__What to do__. Send every record back word for word.

__Exercise material__.
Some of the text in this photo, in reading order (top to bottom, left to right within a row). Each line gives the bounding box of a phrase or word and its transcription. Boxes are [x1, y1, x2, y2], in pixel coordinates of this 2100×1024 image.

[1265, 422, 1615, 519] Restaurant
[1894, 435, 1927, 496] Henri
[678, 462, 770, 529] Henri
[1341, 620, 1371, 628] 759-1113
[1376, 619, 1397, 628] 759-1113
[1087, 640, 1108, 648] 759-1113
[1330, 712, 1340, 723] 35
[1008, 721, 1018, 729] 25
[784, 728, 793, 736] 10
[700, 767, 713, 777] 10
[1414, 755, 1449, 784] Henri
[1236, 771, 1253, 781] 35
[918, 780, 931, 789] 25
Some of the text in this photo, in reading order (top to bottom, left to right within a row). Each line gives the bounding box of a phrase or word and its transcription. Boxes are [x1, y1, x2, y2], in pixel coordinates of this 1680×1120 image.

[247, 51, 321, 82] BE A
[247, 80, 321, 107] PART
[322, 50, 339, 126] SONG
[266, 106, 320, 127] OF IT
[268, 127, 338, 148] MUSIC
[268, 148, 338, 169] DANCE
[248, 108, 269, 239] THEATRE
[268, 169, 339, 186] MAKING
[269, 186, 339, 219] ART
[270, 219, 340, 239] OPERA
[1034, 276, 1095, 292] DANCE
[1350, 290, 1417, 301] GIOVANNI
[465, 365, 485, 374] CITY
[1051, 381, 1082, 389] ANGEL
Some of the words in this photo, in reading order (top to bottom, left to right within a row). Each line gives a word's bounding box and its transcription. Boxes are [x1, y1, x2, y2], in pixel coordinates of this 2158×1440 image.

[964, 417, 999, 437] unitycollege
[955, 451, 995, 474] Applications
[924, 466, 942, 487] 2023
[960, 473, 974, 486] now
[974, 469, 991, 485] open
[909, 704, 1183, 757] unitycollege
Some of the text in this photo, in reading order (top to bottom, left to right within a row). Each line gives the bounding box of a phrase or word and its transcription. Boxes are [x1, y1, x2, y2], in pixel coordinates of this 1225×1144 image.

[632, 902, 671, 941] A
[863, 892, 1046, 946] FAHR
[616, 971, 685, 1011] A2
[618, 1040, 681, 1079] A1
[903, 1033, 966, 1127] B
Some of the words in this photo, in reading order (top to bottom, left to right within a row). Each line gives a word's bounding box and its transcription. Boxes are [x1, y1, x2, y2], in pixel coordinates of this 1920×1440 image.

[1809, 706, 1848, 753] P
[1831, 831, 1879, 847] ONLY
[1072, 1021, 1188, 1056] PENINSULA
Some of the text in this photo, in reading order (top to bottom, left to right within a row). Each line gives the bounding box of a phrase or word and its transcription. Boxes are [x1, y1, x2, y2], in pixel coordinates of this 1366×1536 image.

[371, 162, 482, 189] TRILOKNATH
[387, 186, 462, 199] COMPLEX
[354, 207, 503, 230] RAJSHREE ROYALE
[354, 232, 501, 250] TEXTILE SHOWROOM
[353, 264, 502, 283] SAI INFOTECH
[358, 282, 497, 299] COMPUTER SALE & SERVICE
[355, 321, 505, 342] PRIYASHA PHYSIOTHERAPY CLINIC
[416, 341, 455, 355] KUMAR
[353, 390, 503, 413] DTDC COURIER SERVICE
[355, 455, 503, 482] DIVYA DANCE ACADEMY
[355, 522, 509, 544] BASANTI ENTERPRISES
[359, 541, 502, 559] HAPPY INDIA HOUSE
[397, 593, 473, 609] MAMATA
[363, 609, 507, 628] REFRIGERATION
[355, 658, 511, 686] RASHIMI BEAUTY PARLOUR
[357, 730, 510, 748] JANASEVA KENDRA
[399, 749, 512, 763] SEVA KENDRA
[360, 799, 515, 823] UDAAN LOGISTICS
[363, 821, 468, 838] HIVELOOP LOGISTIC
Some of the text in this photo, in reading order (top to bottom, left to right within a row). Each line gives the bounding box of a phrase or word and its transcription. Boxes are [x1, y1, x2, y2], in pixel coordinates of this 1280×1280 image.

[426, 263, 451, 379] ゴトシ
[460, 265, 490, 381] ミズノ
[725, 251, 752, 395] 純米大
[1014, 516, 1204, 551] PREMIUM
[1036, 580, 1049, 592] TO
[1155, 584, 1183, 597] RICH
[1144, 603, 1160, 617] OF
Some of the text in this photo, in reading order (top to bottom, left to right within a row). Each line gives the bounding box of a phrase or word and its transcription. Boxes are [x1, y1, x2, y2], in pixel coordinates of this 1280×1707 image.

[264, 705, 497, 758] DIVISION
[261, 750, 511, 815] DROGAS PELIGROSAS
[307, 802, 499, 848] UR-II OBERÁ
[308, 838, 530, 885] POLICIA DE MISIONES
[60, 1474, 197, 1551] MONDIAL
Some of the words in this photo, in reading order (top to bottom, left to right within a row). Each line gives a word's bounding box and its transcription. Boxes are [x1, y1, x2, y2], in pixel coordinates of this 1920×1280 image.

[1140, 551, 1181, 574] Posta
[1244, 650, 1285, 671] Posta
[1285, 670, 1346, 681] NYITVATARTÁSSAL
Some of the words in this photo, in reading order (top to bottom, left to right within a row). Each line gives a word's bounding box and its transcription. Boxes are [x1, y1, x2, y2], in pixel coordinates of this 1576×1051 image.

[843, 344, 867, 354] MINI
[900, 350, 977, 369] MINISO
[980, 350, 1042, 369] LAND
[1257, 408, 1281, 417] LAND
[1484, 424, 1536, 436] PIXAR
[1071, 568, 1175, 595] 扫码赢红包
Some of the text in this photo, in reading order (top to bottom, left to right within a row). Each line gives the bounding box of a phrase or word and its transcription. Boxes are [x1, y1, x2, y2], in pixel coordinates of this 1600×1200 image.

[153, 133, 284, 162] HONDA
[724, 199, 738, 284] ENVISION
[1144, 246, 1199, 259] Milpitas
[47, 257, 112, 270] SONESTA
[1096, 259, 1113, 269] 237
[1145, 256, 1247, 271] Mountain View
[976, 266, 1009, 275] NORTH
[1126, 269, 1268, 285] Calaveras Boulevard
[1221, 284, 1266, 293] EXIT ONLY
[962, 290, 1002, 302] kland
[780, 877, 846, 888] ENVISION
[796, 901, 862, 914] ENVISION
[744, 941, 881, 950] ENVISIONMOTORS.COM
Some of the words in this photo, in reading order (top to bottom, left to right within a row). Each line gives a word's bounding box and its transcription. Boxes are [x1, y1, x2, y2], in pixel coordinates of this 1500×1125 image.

__Written response__.
Some of the text in this photo, in reading order (top to bottom, left to right within a row). Each line gives the bounding box of a phrase or word and its transcription. Boxes are [x1, y1, x2, y2], in pixel coordinates of this 2100×1024 image.

[1265, 422, 1615, 519] Restaurant
[1894, 435, 1927, 496] Henri
[678, 462, 770, 529] Henri
[1341, 620, 1371, 628] 759-1113
[1376, 619, 1397, 628] 759-1113
[1087, 640, 1108, 648] 759-1113
[1330, 712, 1340, 723] 35
[1008, 721, 1018, 729] 25
[784, 728, 793, 736] 10
[700, 767, 713, 777] 10
[1414, 755, 1449, 784] Henri
[1236, 771, 1253, 781] 35
[918, 780, 931, 789] 25
Some of the text in this photo, in reading order (top to bottom, left to right within a row). Each line gives the bounding box of a phrase or word and its transcription. Boxes are [x1, y1, x2, y2], in pixel coordinates of this 1680×1120 image.

[247, 51, 321, 82] BE A
[247, 80, 321, 107] PART
[322, 50, 339, 126] SONG
[266, 106, 320, 127] OF IT
[268, 127, 338, 148] MUSIC
[268, 148, 338, 169] DANCE
[248, 108, 269, 239] THEATRE
[268, 169, 339, 186] MAKING
[269, 186, 339, 219] ART
[270, 219, 340, 239] OPERA
[1034, 276, 1095, 292] DANCE
[1350, 290, 1417, 301] GIOVANNI
[465, 365, 485, 374] CITY
[1051, 381, 1082, 389] ANGEL
Some of the words in this photo, in reading order (top to bottom, left to right within a row). Each line gives a word's bounding box and its transcription. Boxes are [x1, y1, x2, y2], in pixel coordinates of this 2158×1440 image.

[964, 417, 999, 437] unitycollege
[955, 451, 995, 474] Applications
[924, 466, 942, 487] 2023
[960, 473, 974, 486] now
[974, 469, 991, 485] open
[909, 704, 1183, 757] unitycollege
Some of the text in this photo, in reading order (top to bottom, left to right within a row). Each line gives the bounding box of a phrase or word and its transcription. Boxes are [x1, y1, x2, y2], in pixel coordinates of this 1225×1144 image.

[632, 902, 671, 941] A
[863, 892, 1046, 946] FAHR
[616, 971, 685, 1011] A2
[618, 1040, 681, 1079] A1
[903, 1033, 966, 1127] B
Some of the words in this photo, in reading order (top to bottom, left to right within a row). Each line gives a word's bounding box and its transcription. Boxes are [x1, y1, x2, y2], in pixel coordinates of this 1920×1440 image.

[1809, 706, 1848, 753] P
[1831, 831, 1879, 847] ONLY
[1072, 1021, 1188, 1056] PENINSULA
Some of the text in this photo, in reading order (top to bottom, left to right within a row). Each line gives the bounding box of a phrase or word and its transcription. Boxes are [x1, y1, x2, y2], in pixel coordinates of this 1366×1536 image.

[371, 162, 482, 189] TRILOKNATH
[387, 186, 462, 199] COMPLEX
[354, 207, 503, 230] RAJSHREE ROYALE
[354, 232, 501, 250] TEXTILE SHOWROOM
[353, 264, 502, 283] SAI INFOTECH
[358, 282, 497, 299] COMPUTER SALE & SERVICE
[355, 321, 505, 342] PRIYASHA PHYSIOTHERAPY CLINIC
[416, 341, 455, 355] KUMAR
[353, 390, 503, 413] DTDC COURIER SERVICE
[355, 455, 503, 482] DIVYA DANCE ACADEMY
[355, 522, 509, 544] BASANTI ENTERPRISES
[359, 541, 502, 559] HAPPY INDIA HOUSE
[397, 593, 473, 609] MAMATA
[363, 609, 507, 628] REFRIGERATION
[355, 658, 511, 686] RASHIMI BEAUTY PARLOUR
[357, 730, 510, 748] JANASEVA KENDRA
[399, 749, 512, 763] SEVA KENDRA
[360, 799, 515, 823] UDAAN LOGISTICS
[363, 821, 468, 838] HIVELOOP LOGISTIC
Some of the text in this photo, in reading order (top to bottom, left to right within a row). Each line gives the bounding box of a phrase or word and its transcription. Boxes are [x1, y1, x2, y2], in pixel coordinates of this 1280×1280 image.

[426, 263, 451, 379] ゴトシ
[460, 265, 490, 381] ミズノ
[725, 251, 752, 395] 純米大
[1014, 516, 1204, 551] PREMIUM
[1036, 580, 1049, 592] TO
[1155, 584, 1183, 597] RICH
[1144, 603, 1160, 617] OF
Some of the text in this photo, in reading order (top to bottom, left to right within a row). Each line gives the bounding box of a phrase or word and its transcription. Boxes are [x1, y1, x2, y2], in pixel coordinates of this 1280×1707 image.

[264, 705, 497, 758] DIVISION
[261, 750, 511, 815] DROGAS PELIGROSAS
[307, 802, 499, 848] UR-II OBERÁ
[308, 838, 530, 885] POLICIA DE MISIONES
[60, 1474, 197, 1551] MONDIAL
Some of the words in this photo, in reading order (top to bottom, left to right within a row). Each line gives a word's bounding box and its transcription. Boxes are [x1, y1, x2, y2], in pixel coordinates of this 1920×1280 image.

[1140, 551, 1181, 574] Posta
[1244, 650, 1285, 671] Posta
[1285, 670, 1346, 681] NYITVATARTÁSSAL
Some of the words in this photo, in reading order (top to bottom, left to right within a row). Each line gives a word's bounding box and its transcription. Boxes are [x1, y1, x2, y2], in pixel coordinates of this 1576×1051 image.

[843, 344, 867, 354] MINI
[900, 350, 977, 369] MINISO
[980, 350, 1042, 369] LAND
[1257, 408, 1281, 417] LAND
[1484, 424, 1536, 436] PIXAR
[1071, 568, 1175, 595] 扫码赢红包
Some of the text in this photo, in reading order (top to bottom, left to right within a row). Each line gives the bounding box of a phrase or word and its transcription. Boxes are [x1, y1, x2, y2], in pixel coordinates of this 1600×1200 image.

[153, 133, 284, 162] HONDA
[724, 199, 738, 284] ENVISION
[1144, 246, 1199, 259] Milpitas
[47, 257, 112, 270] SONESTA
[1096, 259, 1113, 269] 237
[1145, 256, 1247, 271] Mountain View
[976, 266, 1009, 275] NORTH
[1126, 269, 1268, 285] Calaveras Boulevard
[1221, 284, 1266, 293] EXIT ONLY
[962, 290, 1002, 302] kland
[780, 877, 846, 888] ENVISION
[796, 901, 862, 914] ENVISION
[744, 941, 881, 950] ENVISIONMOTORS.COM
Some of the words in this photo, in reading order (top to bottom, left to right within a row). Each line gives a word's bounding box and its transcription. Boxes are [x1, y1, x2, y2], in pixel coordinates of this 1500×1125 image.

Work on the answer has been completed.